Conceito de insumo deve ser decidido caso a caso

10 de maio de 2018 | Tributário |

O conceito de insumo deve ser decidido caso a caso, considerando a importância do bem ou serviço para a atividade econômica do contribuinte.

Em julgamento de matéria de destaque para as empresas, processado por meio do rito dos recursos repetitivos (Resp nº 1.221.170–PR), o STJ uniformizou a jurisprudência, definindo, para fins de creditamento de PIS e Confins, o que deve ser considerado como insumo.

A decisão é importante e já está sendo examinada por advogados e contadores, para que se adequem ao atual entendimento, corrigindo eventuais rotinas contábeis e fiscais, se for o caso, levando em consideração que a decisão do STJ declarou a ilegalidade das Instruções Normativas de nºs 247/2002 e 404/2004 da Receita Federal.

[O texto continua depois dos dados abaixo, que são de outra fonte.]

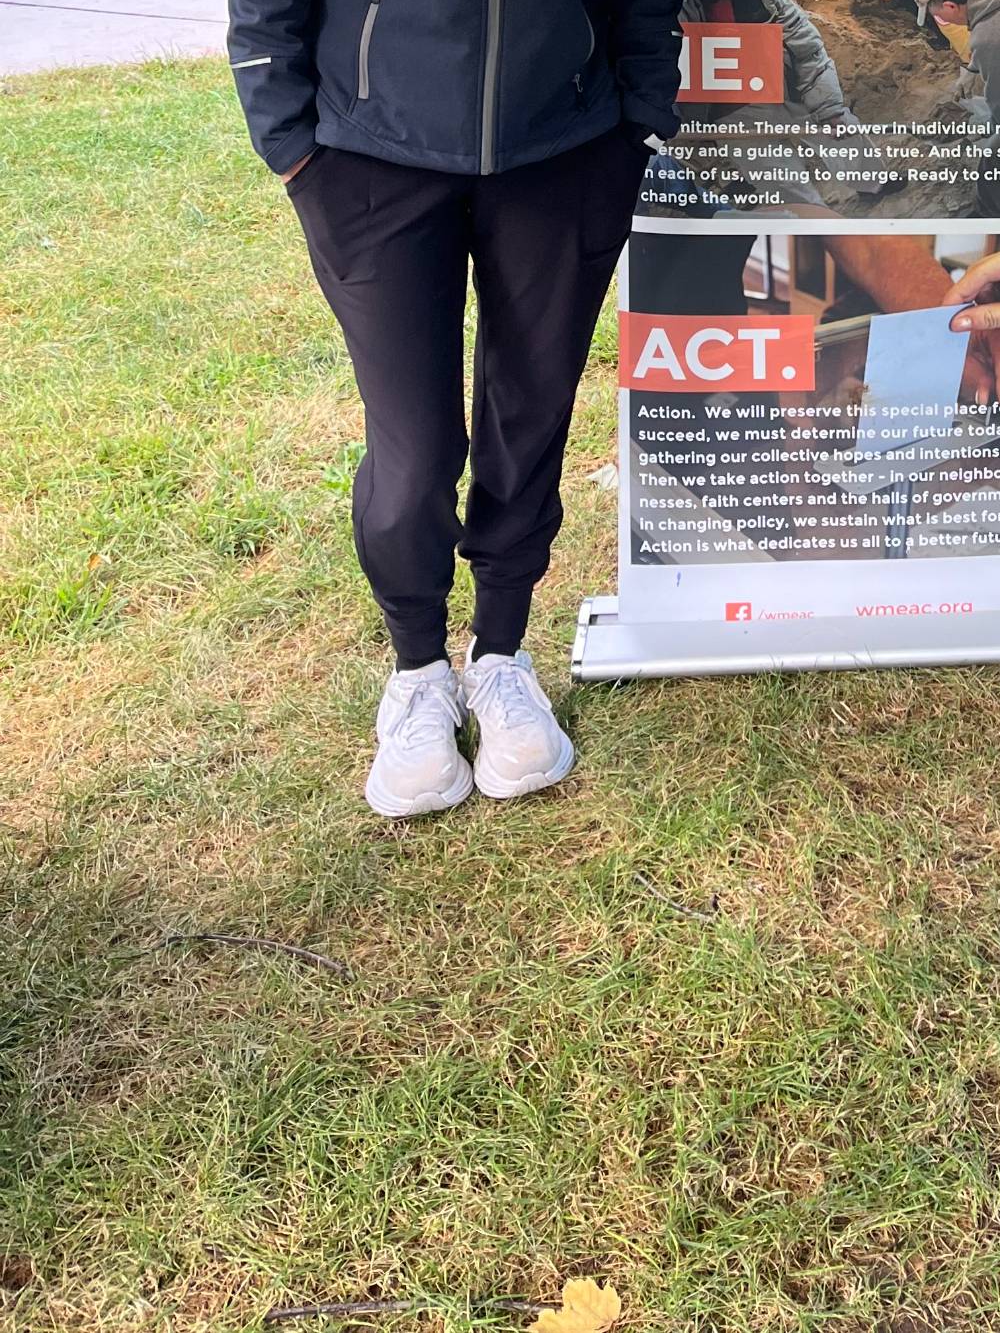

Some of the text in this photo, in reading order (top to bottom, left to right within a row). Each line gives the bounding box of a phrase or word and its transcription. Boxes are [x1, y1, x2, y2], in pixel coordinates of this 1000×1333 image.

Na ótica da tese firmada, ditas instruções normativas tinham por escopo reduzir indevidamente o conceito de insumo, prejudicando os contribuintes.

Segundo o relator, o ministro Napoleão Nunes Maia Filho, para fins de creditamento de PIS e Cofins, deve ser considerado insumo tudo aquilo que seja imprescindível para o desenvolvimento da atividade econômica.

Segundo o acórdão:

“O conceito de insumo deve ser aferido à luz dos critérios de essencialidade ou relevância, ou seja, considerando-se a imprescindibilidade ou a importância de determinado item – bem ou serviço – para o desenvolvimento da atividade econômica desempenhada pelo contribuinte.”

Diante da tese firmada, caberá a análise casuística da atribuição do caráter de insumo, para fins de exercício do direito ao creditamento do PIS e Cofins, levando-se em consideração as balizas conceituais delineadas no acórdão, que estabeleceu as qualidades preponderantes do conceito de insumo.